WhatsApp Business Calling API mengakhiri dikotomi itu. Sekarang, percakapan yang dimulai lewat chat bisa berlanjut ke panggilan suara dalam satu thread yang sama, dengan konteks yang terjaga, agen yang siap, dan data yang terdokumentasi.

Sebagai penyedia WhatsApp Business Calling di Indonesia yang sudah mendukung WhatsApp Business Calling API resmi Meta, Qiscus memungkinkan bisnis Anda membangun pengalaman pelanggan yang benar-benar end-to-end — dari pesan pertama hingga panggilan terakhir, semua dalam satu platform.

Jika Anda ingin mengetahui lebih lanjut tentang bagaimana WhatsApp Business Calling bisa diimplementasikan dalam operasional tim Anda, konsultasikan kebutuhan Anda dengan tim Qiscus dan mulai evaluasi tanpa kewajiban apa pun.

FAQ: WhatsApp Business Calling

Apakah WhatsApp Business Calling API sudah tersedia di Indonesia?

Ya. WhatsApp Business Calling API sudah diluncurkan secara global oleh Meta dan tersedia untuk bisnis di Indonesia yang menggunakan layanan melalui BSP resmi yang sudah mendukung fitur ini, termasuk Qiscus.

Apakah WhatsApp Business Calling bisa digunakan bersamaan dengan fitur chat WhatsApp Business API yang sudah ada?

Ya. WhatsApp Business Calling API adalah ekstensi dari WhatsApp Business API yang sudah ada. Bisnis yang sudah menggunakan WhatsApp Business API bisa mengaktifkan fitur calling tanpa harus mengganti nomor atau memulai ulang proses verifikasi dari awal.
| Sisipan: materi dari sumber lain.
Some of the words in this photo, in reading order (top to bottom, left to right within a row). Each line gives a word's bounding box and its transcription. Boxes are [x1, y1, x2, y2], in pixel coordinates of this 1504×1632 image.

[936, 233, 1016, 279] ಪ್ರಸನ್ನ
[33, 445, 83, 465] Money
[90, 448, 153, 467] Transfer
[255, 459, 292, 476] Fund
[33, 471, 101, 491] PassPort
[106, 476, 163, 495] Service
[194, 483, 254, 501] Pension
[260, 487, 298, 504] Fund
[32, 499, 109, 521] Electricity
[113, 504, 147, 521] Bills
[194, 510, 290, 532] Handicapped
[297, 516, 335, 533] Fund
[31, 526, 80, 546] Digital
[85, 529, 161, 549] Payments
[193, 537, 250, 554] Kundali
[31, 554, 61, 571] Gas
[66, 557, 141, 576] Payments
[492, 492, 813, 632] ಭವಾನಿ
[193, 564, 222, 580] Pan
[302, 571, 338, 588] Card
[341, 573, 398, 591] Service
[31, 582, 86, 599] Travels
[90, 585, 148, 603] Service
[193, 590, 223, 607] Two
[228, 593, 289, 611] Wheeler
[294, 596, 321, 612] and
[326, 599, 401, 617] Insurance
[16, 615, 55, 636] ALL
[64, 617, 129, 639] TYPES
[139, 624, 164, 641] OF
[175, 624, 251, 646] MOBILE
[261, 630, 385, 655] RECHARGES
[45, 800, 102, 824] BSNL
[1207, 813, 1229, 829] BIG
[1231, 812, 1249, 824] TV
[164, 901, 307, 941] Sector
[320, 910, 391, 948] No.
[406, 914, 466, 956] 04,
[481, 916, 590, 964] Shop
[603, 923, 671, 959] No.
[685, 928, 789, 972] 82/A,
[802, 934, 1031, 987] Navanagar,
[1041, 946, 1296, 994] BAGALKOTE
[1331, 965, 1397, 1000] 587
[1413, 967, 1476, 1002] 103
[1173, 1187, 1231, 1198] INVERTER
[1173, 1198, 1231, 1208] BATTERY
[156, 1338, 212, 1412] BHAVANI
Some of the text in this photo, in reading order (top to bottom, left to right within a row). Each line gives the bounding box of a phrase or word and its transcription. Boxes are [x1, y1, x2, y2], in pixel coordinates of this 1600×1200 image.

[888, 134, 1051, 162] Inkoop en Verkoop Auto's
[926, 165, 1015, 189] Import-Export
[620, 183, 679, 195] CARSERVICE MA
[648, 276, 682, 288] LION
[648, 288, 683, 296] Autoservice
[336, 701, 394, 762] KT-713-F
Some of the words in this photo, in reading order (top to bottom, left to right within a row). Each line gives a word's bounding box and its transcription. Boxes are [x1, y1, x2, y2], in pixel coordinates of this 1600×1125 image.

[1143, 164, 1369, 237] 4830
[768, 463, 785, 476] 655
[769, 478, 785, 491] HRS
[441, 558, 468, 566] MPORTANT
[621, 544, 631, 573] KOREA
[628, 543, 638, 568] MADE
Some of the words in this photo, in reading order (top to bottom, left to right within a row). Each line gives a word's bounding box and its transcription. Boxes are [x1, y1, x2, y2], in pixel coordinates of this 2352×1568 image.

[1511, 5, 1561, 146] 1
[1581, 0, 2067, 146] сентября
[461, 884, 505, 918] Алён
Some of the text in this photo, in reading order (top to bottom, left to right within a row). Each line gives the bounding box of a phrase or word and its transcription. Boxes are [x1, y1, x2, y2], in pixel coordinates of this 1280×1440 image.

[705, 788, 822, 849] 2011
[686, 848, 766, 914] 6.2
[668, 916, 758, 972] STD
Apakah pelanggan perlu mengunduh aplikasi khusus untuk menerima panggilan dari bisnis?

Tidak. Pelanggan menerima dan melakukan panggilan langsung dari aplikasi WhatsApp yang sudah mereka gunakan sehari-hari. Tidak ada aplikasi tambahan yang perlu diunduh.

Bagaimana cara bisnis mengontrol kapan pelanggan bisa menelepon?

Bisnis bisa mengaktifkan atau menonaktifkan ikon telepon di akun WhatsApp Business mereka sesuai jam operasional. Di luar jam yang ditetapkan, ikon telepon tidak muncul sehingga pelanggan tidak bisa memulai panggilan di waktu yang tidak sesuai.

Apakah panggilan WhatsApp Business Calling dikenai biaya tambahan selain biaya percakapan yang sudah ada?

Struktur biaya WhatsApp Business Calling belum sepenuhnya dipublikasikan secara detail oleh Meta untuk semua pasar. Biaya umumnya mencakup biaya platform kepada BSP dan potensi biaya tambahan dari Meta untuk penggunaan fitur calling. Konsultasikan langsung dengan penyedia Anda untuk mendapatkan simulasi biaya yang akurat berdasarkan volume penggunaan aktual bisnis Anda.